Tempistiche emerse in commissione consiliare: si punta a finirlo nell’estate 2023 L’opposizione: «Un anno di ritardo rispetto a quanto più volte annunciato»
L’AQUILA. Cantiere al via a dicembre, poi 200 giorni di lavori: il nuovo ponte Belvedere dell’Aquila potrebbe essere quindi pronto entro la fine dell’estate prossima, dopo i rinvii e i ritardi. L’ennesimo coronoprogramma, che è da “corsa contro il tempo”, è emerso ieri nella Commissione consiliare di garanzia e controllo, che ha ascoltato il vicesindaco Raffaele Daniele e il dirigente del settore Ricostruzione del municipio Roberto Evangelisti. Ma c’è prima un altro scoglio da superare per far scattare il cronoprogramma previsto: la validazione del progetto esecutivo dell’opera per il nuovo ponte, per cui il Comune ha richiesto una consulenza a una ditta privata che rimetterà il proprio giudizio nei prossimi giorni. A dare notizia dell’incarico era stato il vicesindaco in consiglio comunale pochi giorni fa, interpellato dal consigliere di opposizione Paolo Romano, che poi ha richiesto anche la discussione in commissione in quanto insoddisfatto dalla risposta.
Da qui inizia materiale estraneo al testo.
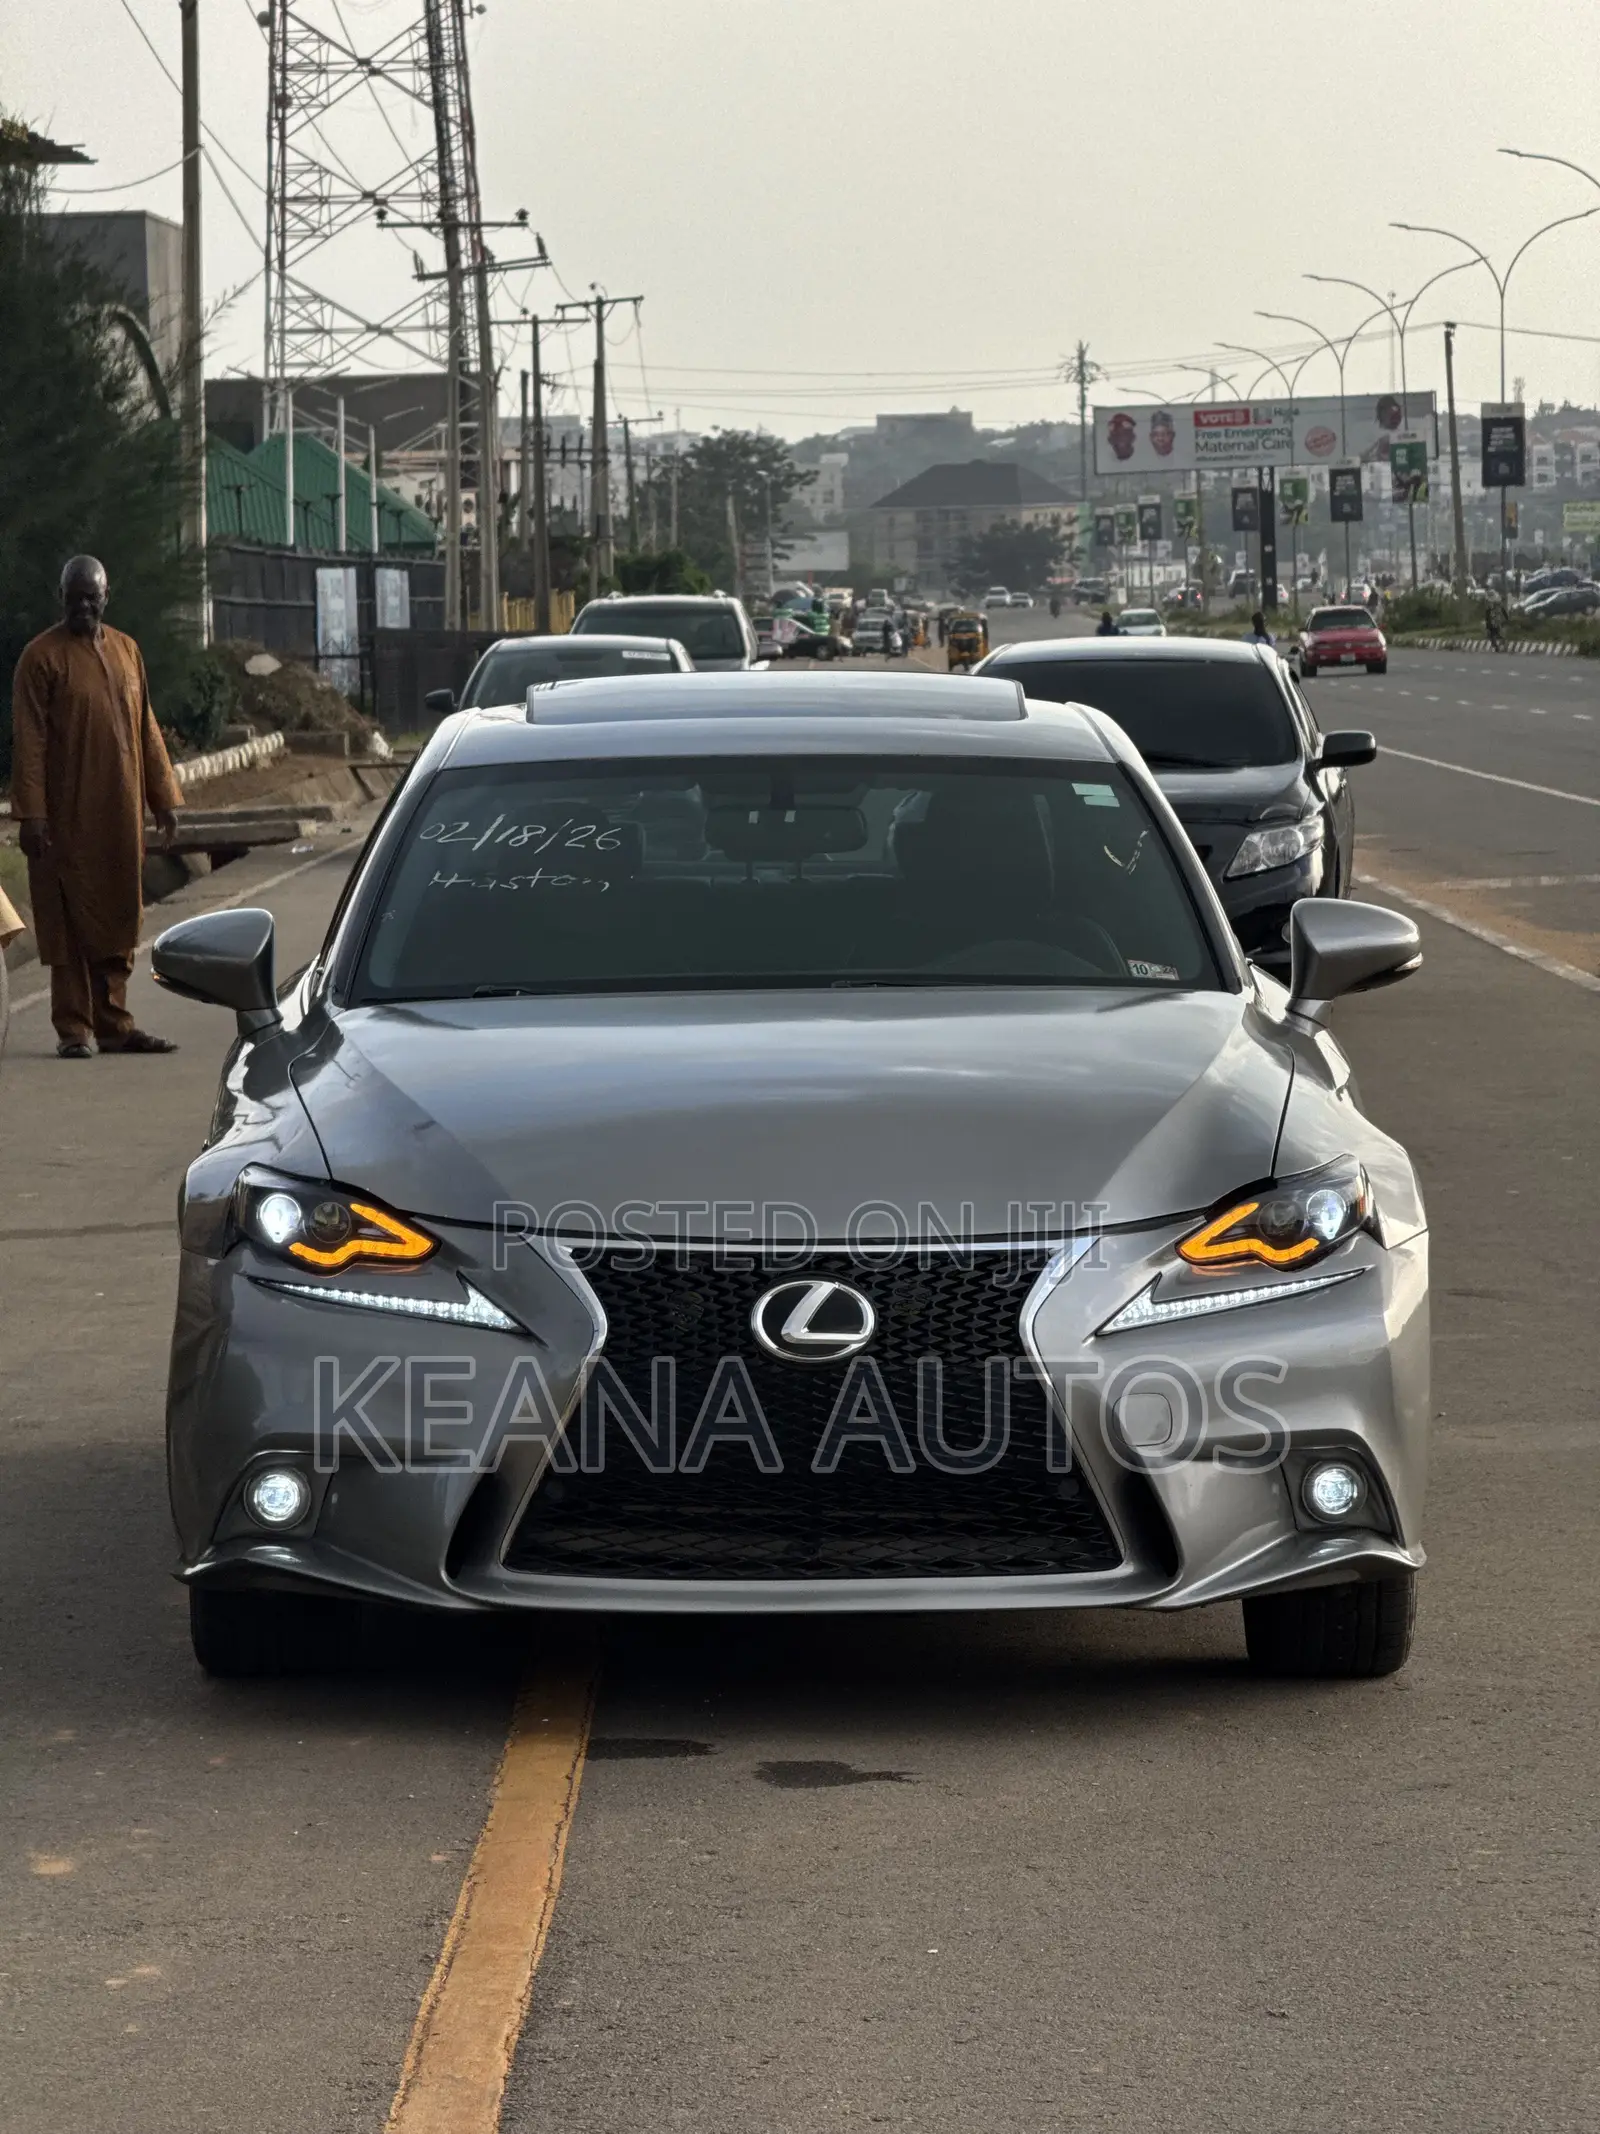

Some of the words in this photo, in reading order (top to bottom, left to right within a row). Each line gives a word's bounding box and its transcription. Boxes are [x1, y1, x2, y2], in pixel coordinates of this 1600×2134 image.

[1195, 429, 1221, 440] Free
[1224, 426, 1292, 439] Emergency
[1195, 440, 1259, 453] Maternal
[1261, 438, 1294, 450] Care
[418, 813, 622, 855] 02/18/26
[1132, 963, 1149, 976] 10
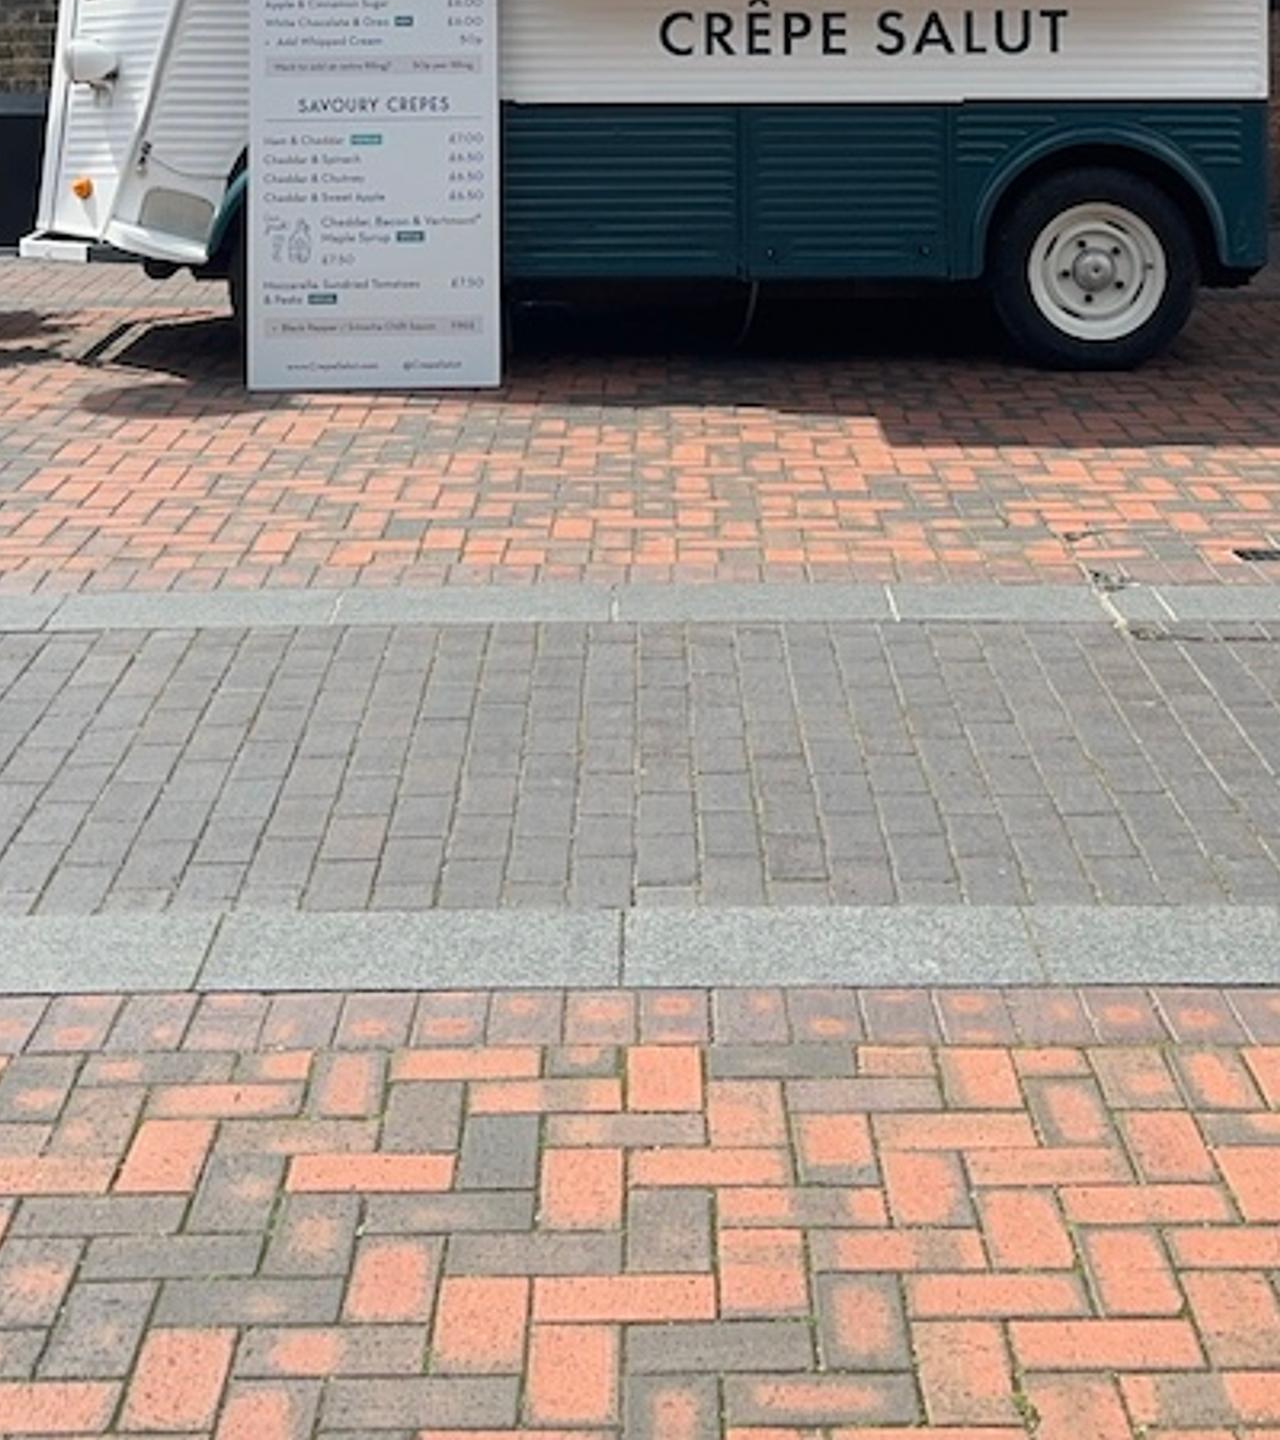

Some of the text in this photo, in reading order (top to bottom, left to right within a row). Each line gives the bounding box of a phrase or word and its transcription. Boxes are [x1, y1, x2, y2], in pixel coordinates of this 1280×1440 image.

[265, 0, 295, 11] Apple
[297, 0, 305, 9] &
[265, 17, 295, 27] White
[297, 16, 349, 27] Chocolate
[353, 17, 360, 27] &
[875, 9, 1069, 56] SALUT
[277, 36, 298, 46] Add
[301, 35, 346, 48] Whipped
[349, 34, 382, 46] Cream
[297, 97, 379, 113] SAVOURY
[290, 134, 297, 145] &
[300, 133, 345, 146] Cheddar
[263, 153, 361, 167] Cheddar & Spinach
[263, 172, 365, 185] Cheddar & Chutney
[263, 191, 385, 205] Cheddar & Sweet Apple
[375, 215, 409, 227] Bacon
[413, 215, 420, 225] &
[323, 278, 369, 289] Sundried
[371, 278, 421, 289] Tomatoes
[264, 295, 271, 305] &
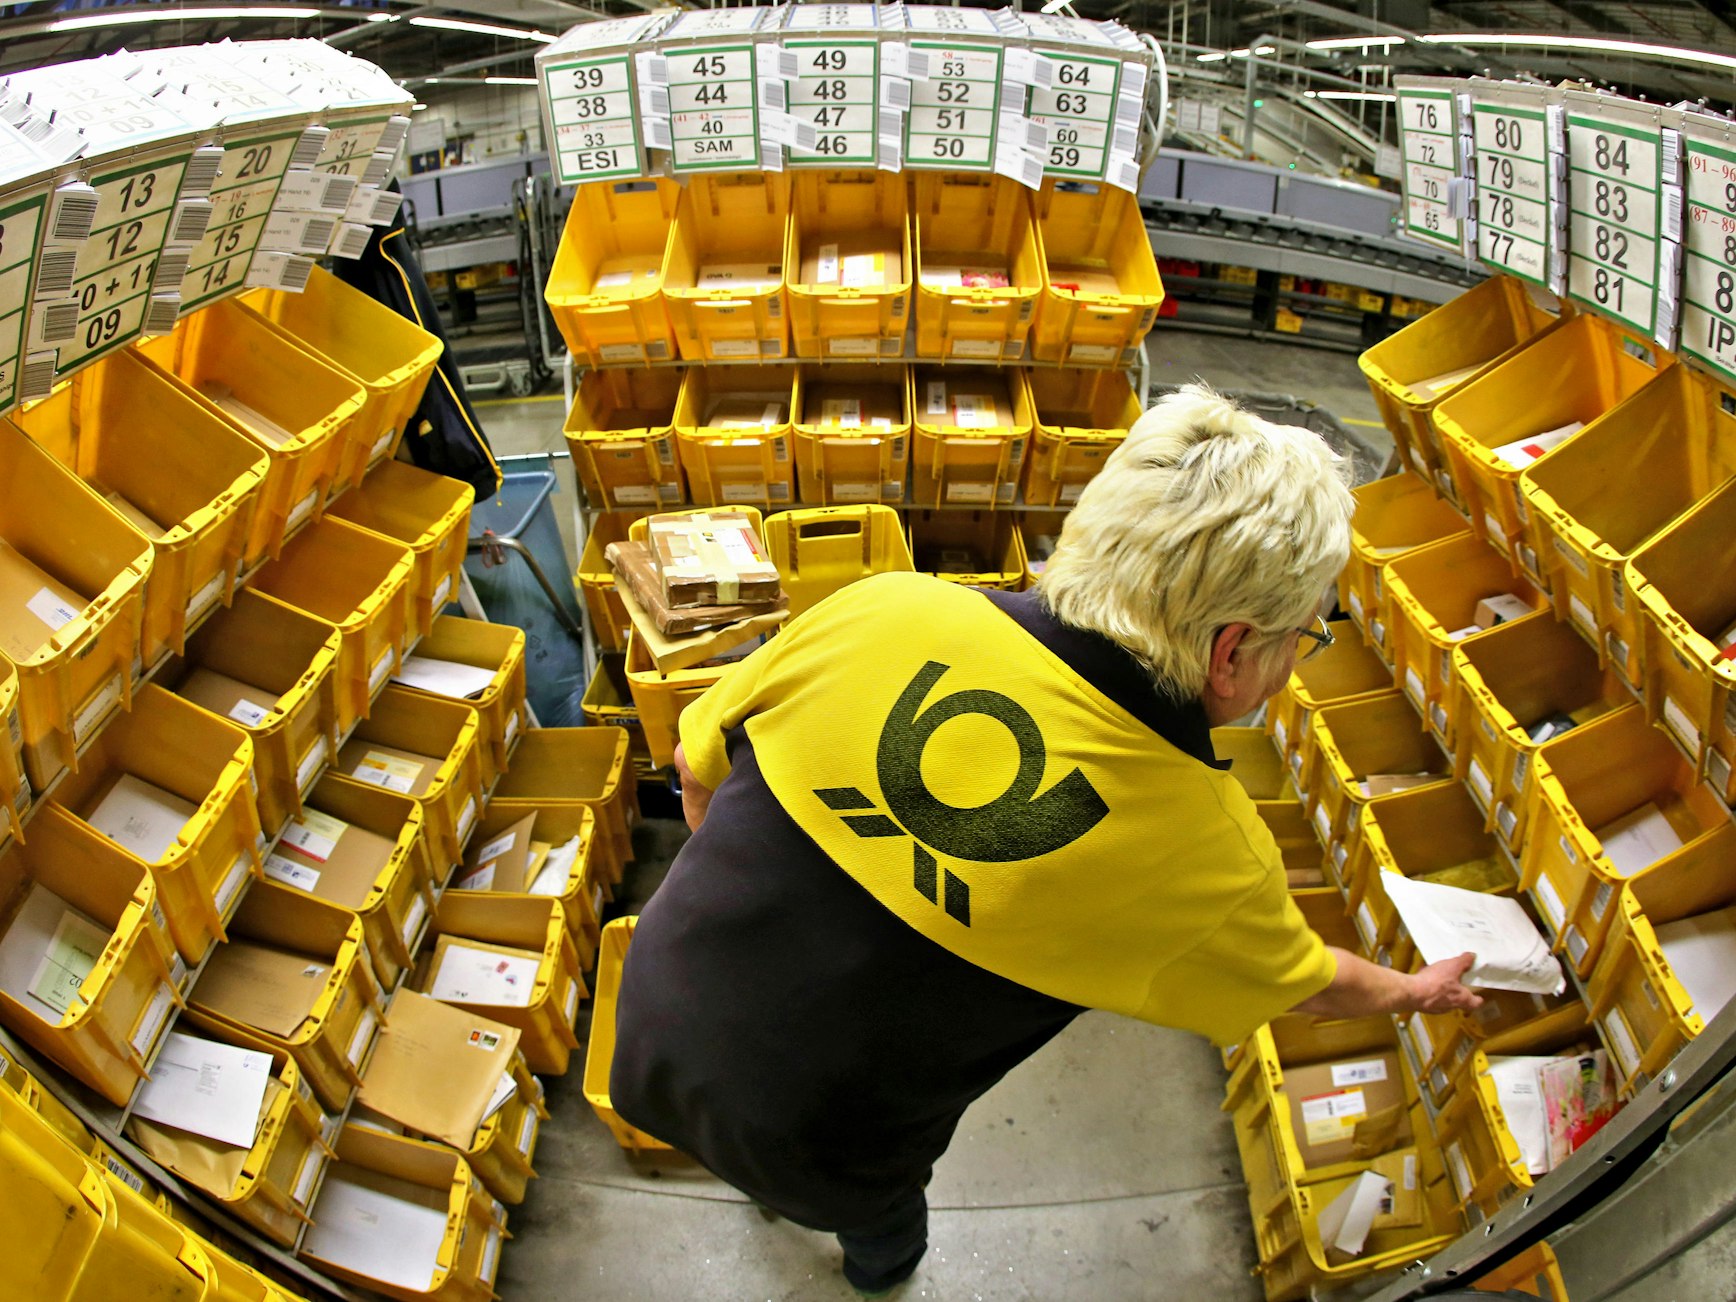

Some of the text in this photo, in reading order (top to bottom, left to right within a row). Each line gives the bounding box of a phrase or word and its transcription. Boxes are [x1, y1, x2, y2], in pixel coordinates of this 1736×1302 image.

[692, 56, 726, 76] 45
[813, 50, 847, 70] 49
[942, 62, 965, 77] 53
[573, 68, 604, 90] 39
[1059, 64, 1090, 86] 64
[695, 84, 728, 105] 44
[813, 80, 847, 101] 48
[937, 82, 970, 103] 52
[577, 96, 607, 118] 38
[1056, 93, 1087, 114] 63
[814, 107, 847, 127] 47
[936, 109, 966, 130] 51
[1416, 103, 1437, 129] 76
[702, 120, 723, 134] 40
[1057, 128, 1078, 144] 60
[1495, 118, 1521, 151] 80
[336, 139, 358, 161] 31
[584, 132, 605, 147] 33
[694, 140, 733, 153] SAM
[816, 135, 848, 155] 46
[933, 137, 964, 158] 50
[236, 145, 272, 179] 20
[578, 150, 618, 171] ESI
[1050, 146, 1080, 167] 59
[1421, 145, 1435, 163] 72
[1595, 134, 1630, 176] 84
[1689, 155, 1706, 173] (91
[1488, 155, 1514, 189] 79
[120, 173, 156, 212] 13
[1424, 179, 1438, 198] 70
[229, 201, 247, 221] 16
[1488, 193, 1514, 228] 78
[1595, 181, 1628, 223] 83
[1425, 212, 1439, 230] 65
[1689, 206, 1708, 224] (87
[107, 221, 143, 260] 12
[214, 224, 244, 256] 15
[1489, 231, 1514, 265] 77
[1595, 225, 1628, 269] 82
[72, 259, 157, 311] 0 + 11
[203, 260, 231, 292] 14
[1594, 268, 1624, 312] 81
[86, 309, 121, 349] 09
[1708, 316, 1736, 353] IP
«Ci sarà un attento monitoraggio da parte della commissione per dare trasparenza di tempi e certezza di procedure alla sua ricostruzione, abbandonando la politica degli annunci rivelatasi imbarazzante», scrivono i consiglieri di opposizione in commissione, il presidente Stefano Palumbo, Romano, Enrico Verini, Elia Serpetti e Lorenzo Rotellini, continuando: «Almeno due domande rimangono sul tavolo: l’eventuale sostituzione del Rup che non risulta più dipendente comunale e il motivo dell’eccessiva dilatazione dei tempi. Oggi abbiamo appreso che i lavori dovrebbero concludersi, salvo ulteriori imprevisti, entro l’estate del 2023, con un anno di ritardo dai tempi più volte annunciati».
Ma la commissione consiliare ha trattato anche il tema dei 916mila euro che il Comune ha anticipato nel 2018 all’azienda partecipata del trasporto pubblico Ama. «È necessario chiarire chi tra Ama e Comune si farà carico del debito», aggiungono i consiglieri di opposizione in commissione. (l.t.)